Some thoughts on this film partly inspired by this Podcast conversation
First, this is a perfect example of the kind of film you might not think requires the big screen experience, but if you have the chance i would say absolutely engage it in that setting, not only because it deserves and needs your support but because it’s built on a very intentional use of size, space and setting that cannot be fully appreciated (or understood) on the small screen.
Second, the use of size, space and setting becomes a way of building the films themes in a surprisingly emotional way, something the above Podcast helped to give words for. The film is both about loneliness and togetherness. Isolation and community. On the first front we get a series of scenes fleshing out how loneliness breeds fear in Marcels life, although this isn’t made immediately clear. The way he sees the world is with a contemplative and compassionate spirit that desires to see the best in things and in others. And yet what remains uncertain is his own expectation of himself.

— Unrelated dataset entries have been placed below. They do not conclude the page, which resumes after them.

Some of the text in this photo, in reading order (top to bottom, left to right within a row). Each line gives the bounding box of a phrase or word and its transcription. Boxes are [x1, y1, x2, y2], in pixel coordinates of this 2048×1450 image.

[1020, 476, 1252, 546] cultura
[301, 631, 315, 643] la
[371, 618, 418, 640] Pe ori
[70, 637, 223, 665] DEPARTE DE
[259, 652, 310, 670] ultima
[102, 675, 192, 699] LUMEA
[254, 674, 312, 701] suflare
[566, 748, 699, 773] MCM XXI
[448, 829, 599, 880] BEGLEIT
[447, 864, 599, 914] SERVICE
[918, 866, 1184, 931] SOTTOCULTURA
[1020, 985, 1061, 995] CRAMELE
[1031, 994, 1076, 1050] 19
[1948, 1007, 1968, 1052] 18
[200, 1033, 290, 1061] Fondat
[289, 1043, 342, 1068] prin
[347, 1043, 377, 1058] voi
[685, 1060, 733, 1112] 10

There are a couple key sequences that help bridge the loneliness with this sense of togetherness or connection. One significant one is when Marcel is given a chance to see beyond the confines of his home. He is taken for a car ride where he is able to see the city from the top of the hill. It’s a scene that uses his smallness to contrast the bigness, at once exposing his smallness in relationship to his surroundings but also opening him up to the vastness of the world that does surround him. This scene operates in dialogue with an earlier one where he posts a video and watches it go viral. In this scene he seems big in relationship to the computer screen, inviting him to wonder about the vastness of these comments and its relationship to real community. This is a point where the full length feature film morphs into an interesting commentary on the shorts that inspired it.

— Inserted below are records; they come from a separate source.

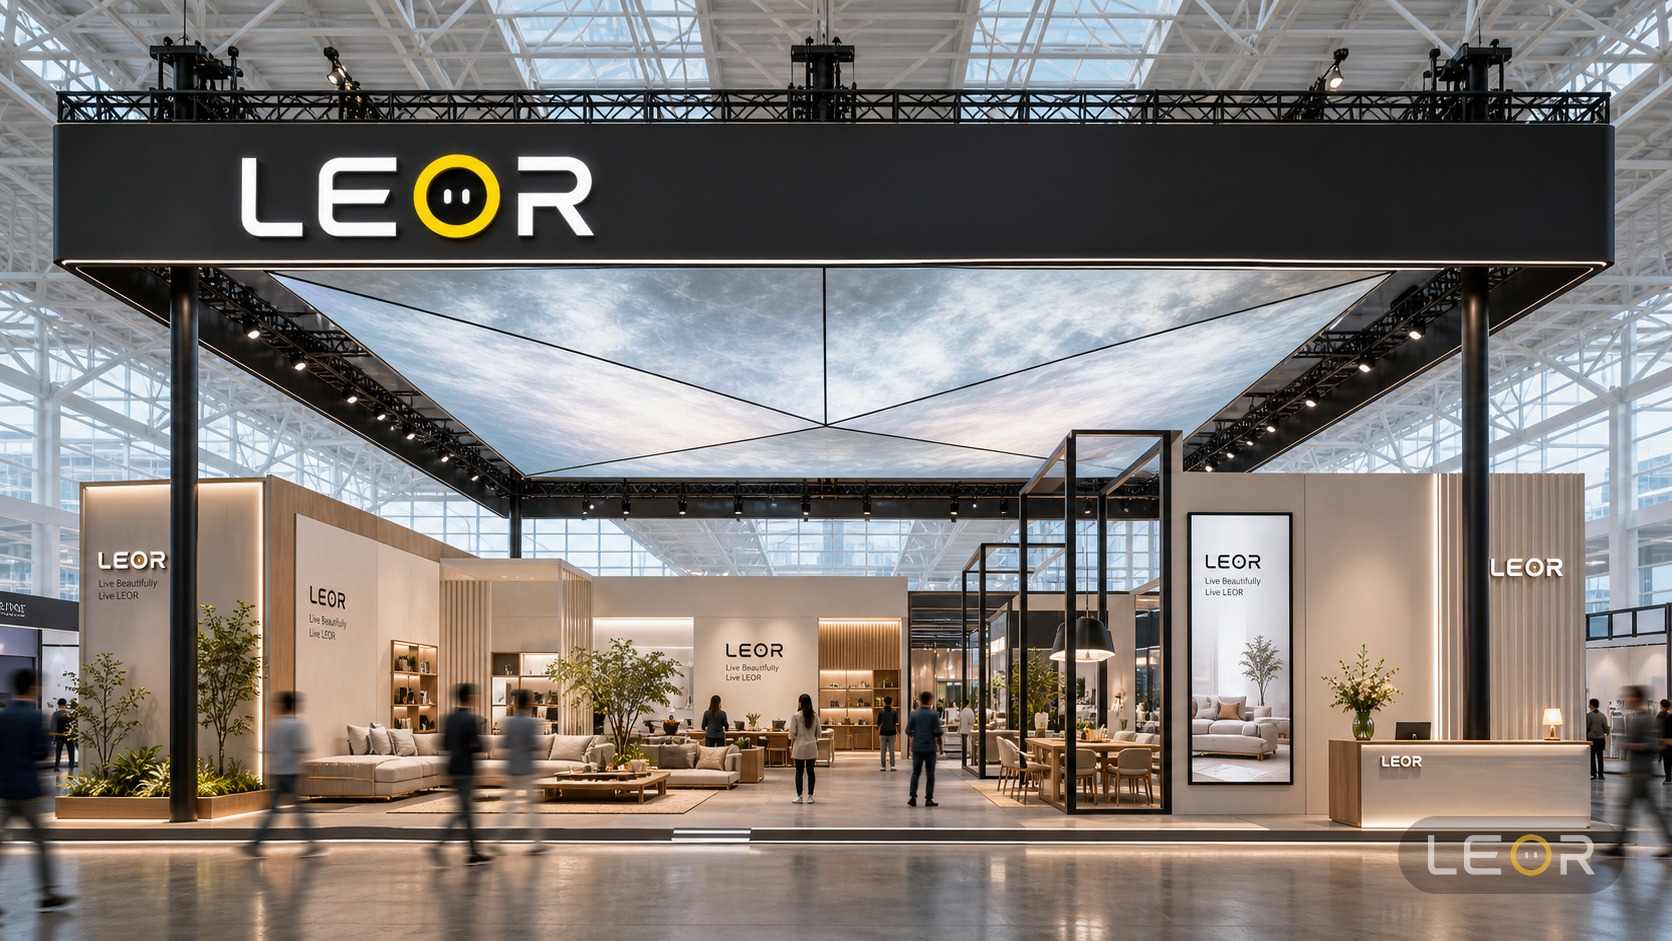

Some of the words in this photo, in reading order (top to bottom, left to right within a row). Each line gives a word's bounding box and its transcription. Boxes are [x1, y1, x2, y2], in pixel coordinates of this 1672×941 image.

[241, 154, 595, 239] LEOR
[98, 551, 167, 570] LEOR
[1205, 554, 1261, 570] LEOR
[1490, 557, 1564, 578] LEOR
[98, 579, 115, 588] Live
[116, 579, 158, 589] Beautifully
[1205, 577, 1221, 585] Live
[1222, 577, 1262, 587] Beautifully
[98, 592, 115, 600] Live
[116, 591, 140, 600] LEOR
[309, 585, 346, 610] LEOR
[1205, 588, 1221, 596] Live
[1222, 588, 1244, 596] LEOR
[321, 630, 336, 640] LEOR
[725, 643, 784, 658] LEOR
[725, 664, 741, 672] Live
[741, 673, 762, 681] LEOR
[1381, 755, 1423, 768] LEOR

As these two scenes collide it then moves us into a picture of togetherness and connectivity, imagining this process emerging from necessary points of transformation, something that comes when Marcel opens himself up to the possibility of change. What he longs for can only come when he learns how to let go of that which holds him in place. A way of seeing himself in relationship to a much bigger world, all of us bound together by way of the common spirit that draws all things to itself.